Bangladesh’s audit imbalance
Numbers rarely lie, even when Trump is in the room. But they do have a habit of whispering truths our profession would rather not discuss over coffee. Bangladesh’s latest audit statistics are doing exactly that.
As per the 2024-25 audit data, out of 258 audit firms, the top 50 firms conduct 64 percent of all statutory audits, while the top 100 firms perform 87 percent. Meanwhile, the bottom 100 firms carry out only 3 percent. In plain language, a small group of firms is playing almost the whole match while a large part of the profession is sitting on the bench.
The imbalance becomes sharper when we look at partner workload. On average, each partner signs off on 71 audits a year. In the top tier, that rises to over 130 audits per partner, and in extreme cases, a partner has signed 388 audits in a single year. At the other end, some partners sign only one audit annually. These numbers pose a simple question: when a partner has hundreds of audits to approve, how much of the audit is actually being supervised, and how much is simply being signed?
Then there is what this data does not capture. These figures cover statutory audits only. They do not include compliance audits required by regulators, such as the National Board of Revenue, or the consulting and advisory work that many of these firms also do. If we add those engagements, the workload in some firms would likely multiply, making the current picture look less like “busy season” and more like a year-round traffic jam.
And we should be honest about how the machine runs. In many large firms, a significant portion of audit fieldwork is performed by students and junior trainees, while partners sign off.
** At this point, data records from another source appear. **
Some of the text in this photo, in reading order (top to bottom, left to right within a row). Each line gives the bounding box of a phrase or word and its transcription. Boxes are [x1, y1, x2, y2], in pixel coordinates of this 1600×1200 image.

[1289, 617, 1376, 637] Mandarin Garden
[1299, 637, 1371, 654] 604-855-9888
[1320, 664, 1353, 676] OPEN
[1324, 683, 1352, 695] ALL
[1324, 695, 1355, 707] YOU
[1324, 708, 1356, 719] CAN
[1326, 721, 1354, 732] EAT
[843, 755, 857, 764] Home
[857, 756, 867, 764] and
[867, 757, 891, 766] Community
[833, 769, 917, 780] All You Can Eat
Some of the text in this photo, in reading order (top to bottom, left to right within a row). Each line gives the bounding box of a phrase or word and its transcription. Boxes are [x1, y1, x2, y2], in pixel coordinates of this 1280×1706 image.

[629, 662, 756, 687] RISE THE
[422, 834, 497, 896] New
Training is necessary and healthy. But when one partner is linked to hundreds of engagements, the risk is obvious: the audit becomes an exercise in logistics rather than judgement. Quality, like biryani, does not improve when you try to cook it for a thousand guests in one pot. This explains the current mess in audit practices.
The structure also creates a self-reinforcing cycle. Big firms attract the best students. That strengthens big firms further. Smaller firms struggle to hire and gradually fall behind. Years ago, there was a cap on the number of students per partner, but it was graciously extended. The outcome is predictable: big firms become bigger, weak firms become weaker, and the profession becomes more concentrated with every passing year.
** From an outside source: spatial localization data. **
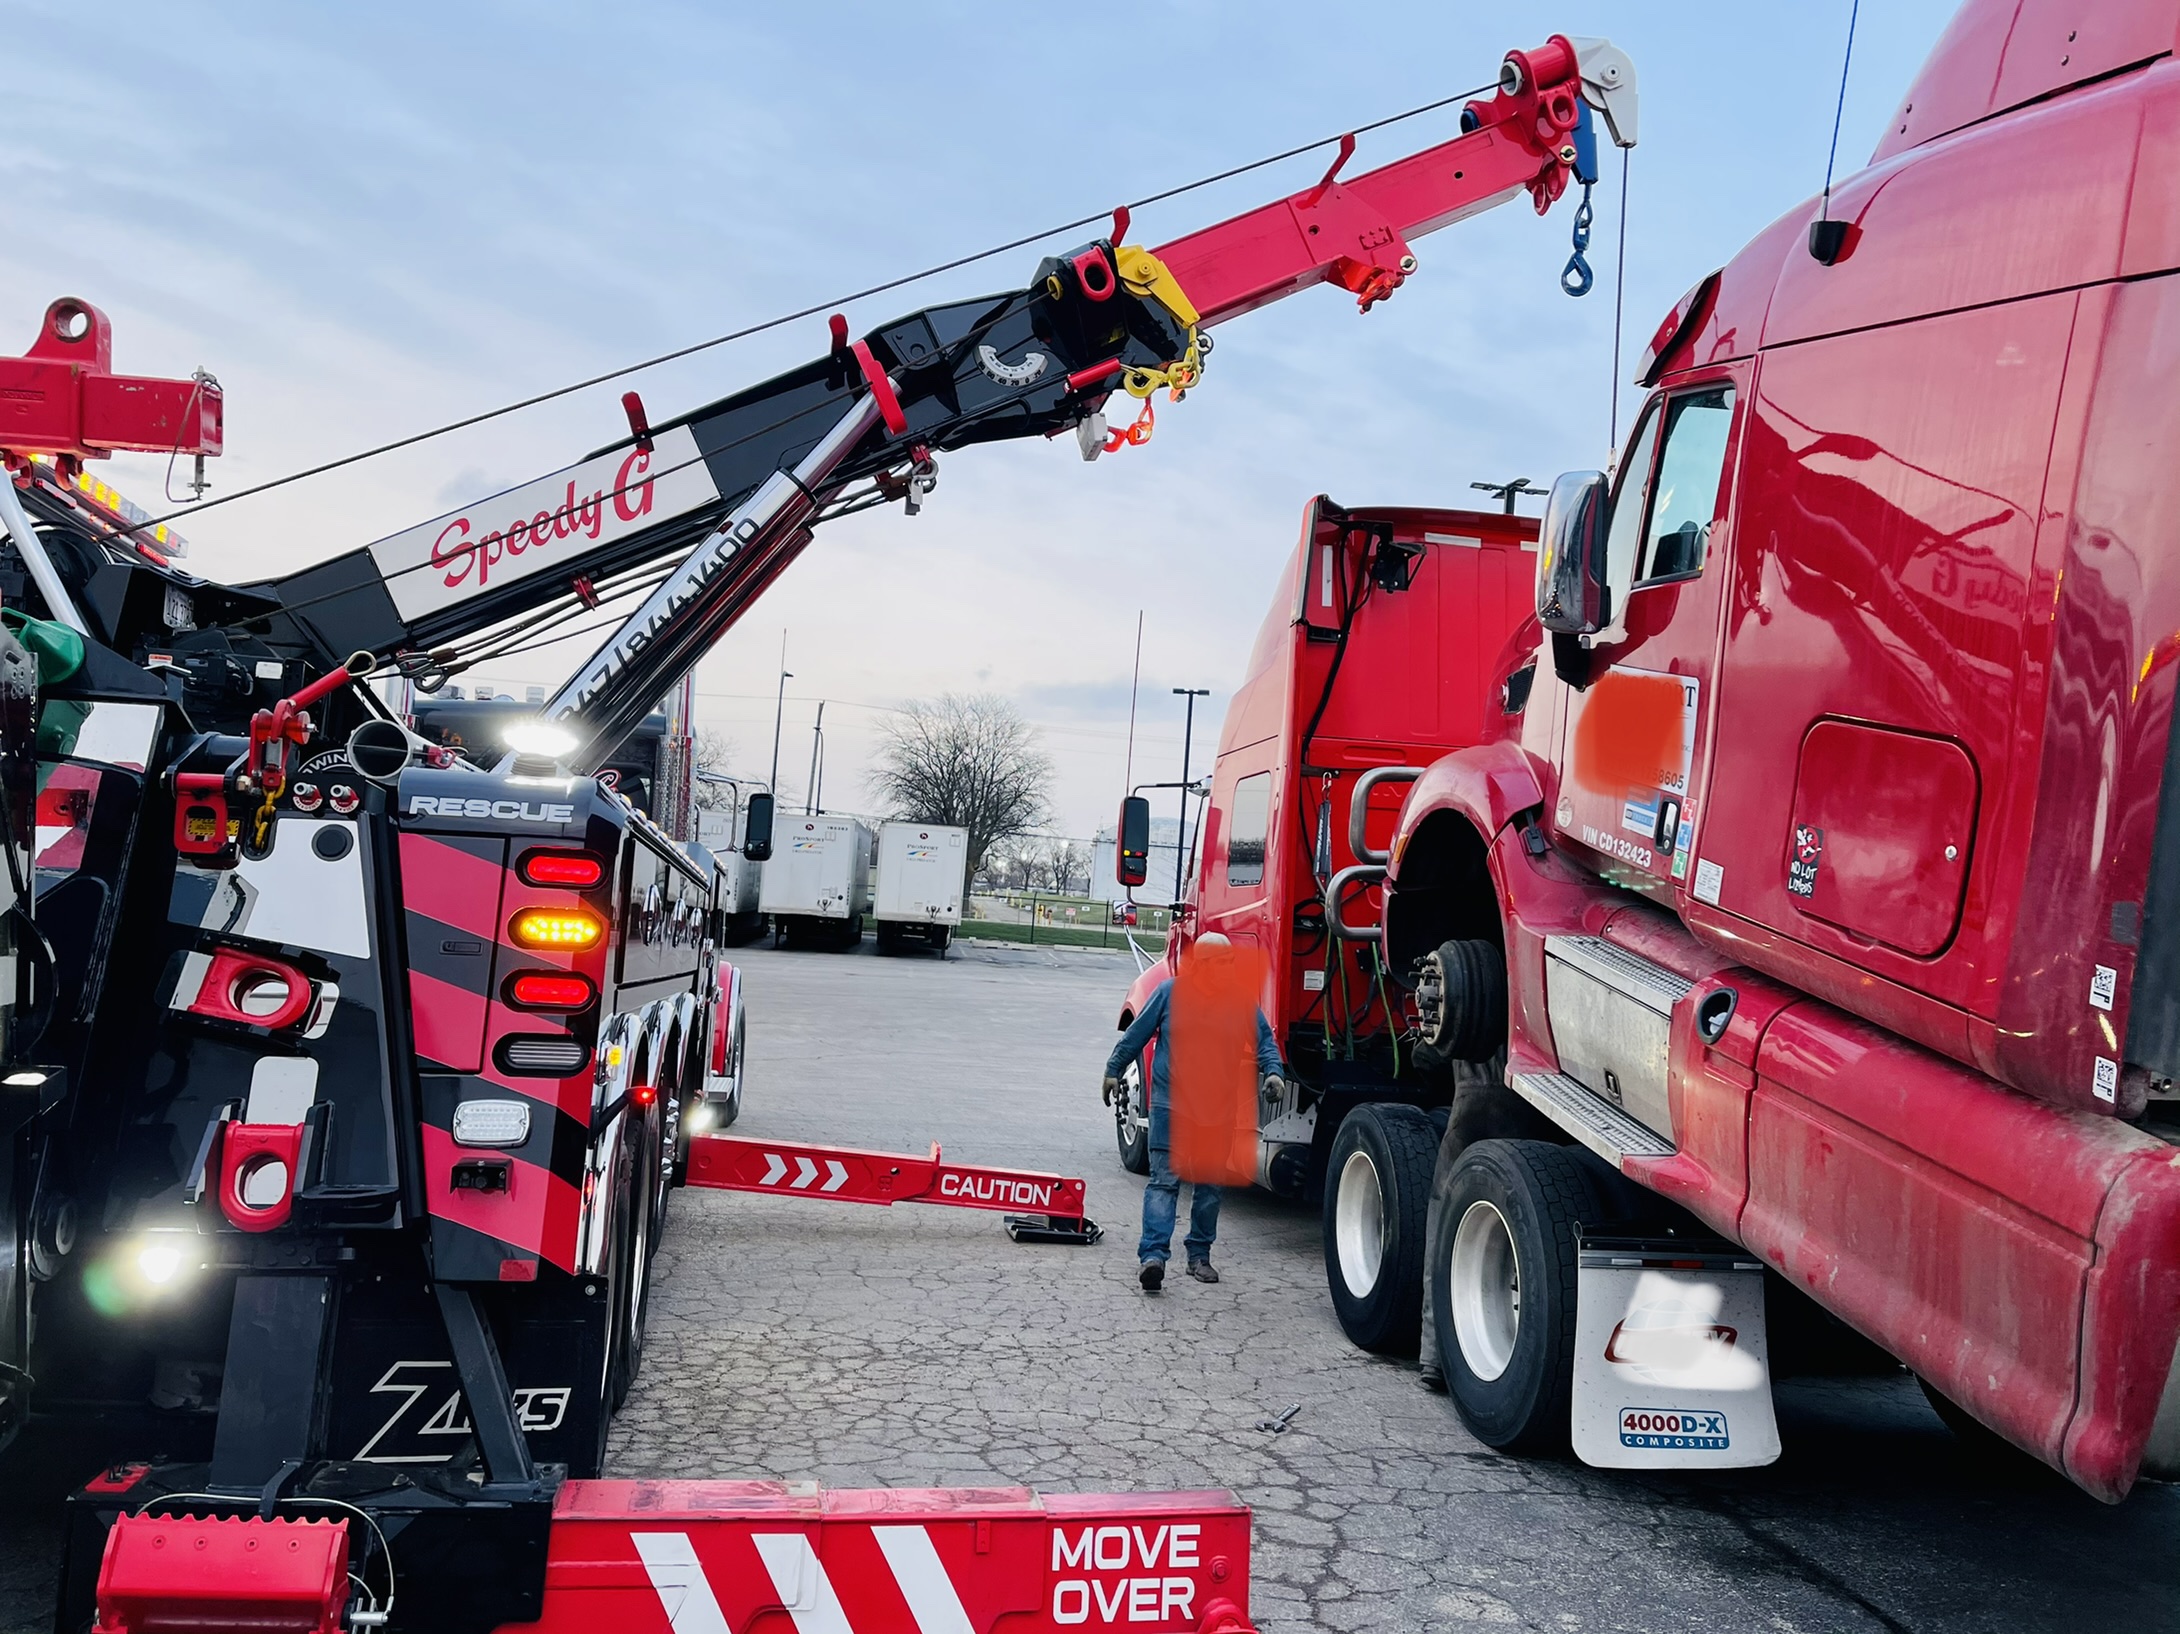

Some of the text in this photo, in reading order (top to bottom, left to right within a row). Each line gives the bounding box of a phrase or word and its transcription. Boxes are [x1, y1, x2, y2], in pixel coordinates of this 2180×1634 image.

[431, 448, 655, 587] Speedy G
[408, 795, 575, 823] RESCUE
[1582, 825, 1598, 846] VIN
[1599, 832, 1652, 868] CD132423
[1790, 860, 1818, 880] NO LOT
[940, 1173, 1052, 1207] CAUTION
[1623, 1413, 1722, 1434] 4000D-X
[1624, 1435, 1725, 1448] COMPOSITE
[1051, 1524, 1201, 1572] MOVE
[1052, 1576, 1196, 1625] OVER
The long-term damage is not only market imbalance. It is career discouragement. Young professionals look at the landscape and conclude that building an independent practice is a heroic dream with a poor return. Many choose corporate jobs instead. This is happening in a country that already faces a shortage of statutory auditors, while the same limited pool also dominates audits and compliance work in other areas.
Globally, regulators typically focus less on counting audits and more on audit quality. Still, some countries impose caps where capacity constraints demand it. India, for example, limits partners to 20 company audits and 60 tax audits annually. Bangladesh largely relies on process-based oversight. In a high-concentration market, that may not be enough to prevent a sign-off culture.
Reform needs coordinated action. ICAB should restore discipline in training capacity and engagement distribution so the profession grows beyond a few firms; the FRC should tighten quality inspections for public interest and high risk audits and set enforceable workload thresholds where needed; and the Ministry of Finance and Ministry of Commerce should expand the assurance ecosystem by enabling other qualified professional accountants to undertake non statutory audits and regulatory compliance work, while also making tax audit, cost and management audit mandatory for large corporates.
Audit is not paperwork. It is public trust. When trust is signed faster than it is examined, governance weakens, corruption finds oxygen, and the economy becomes fragile. Bangladesh does not need more audit reports. It needs more real audits.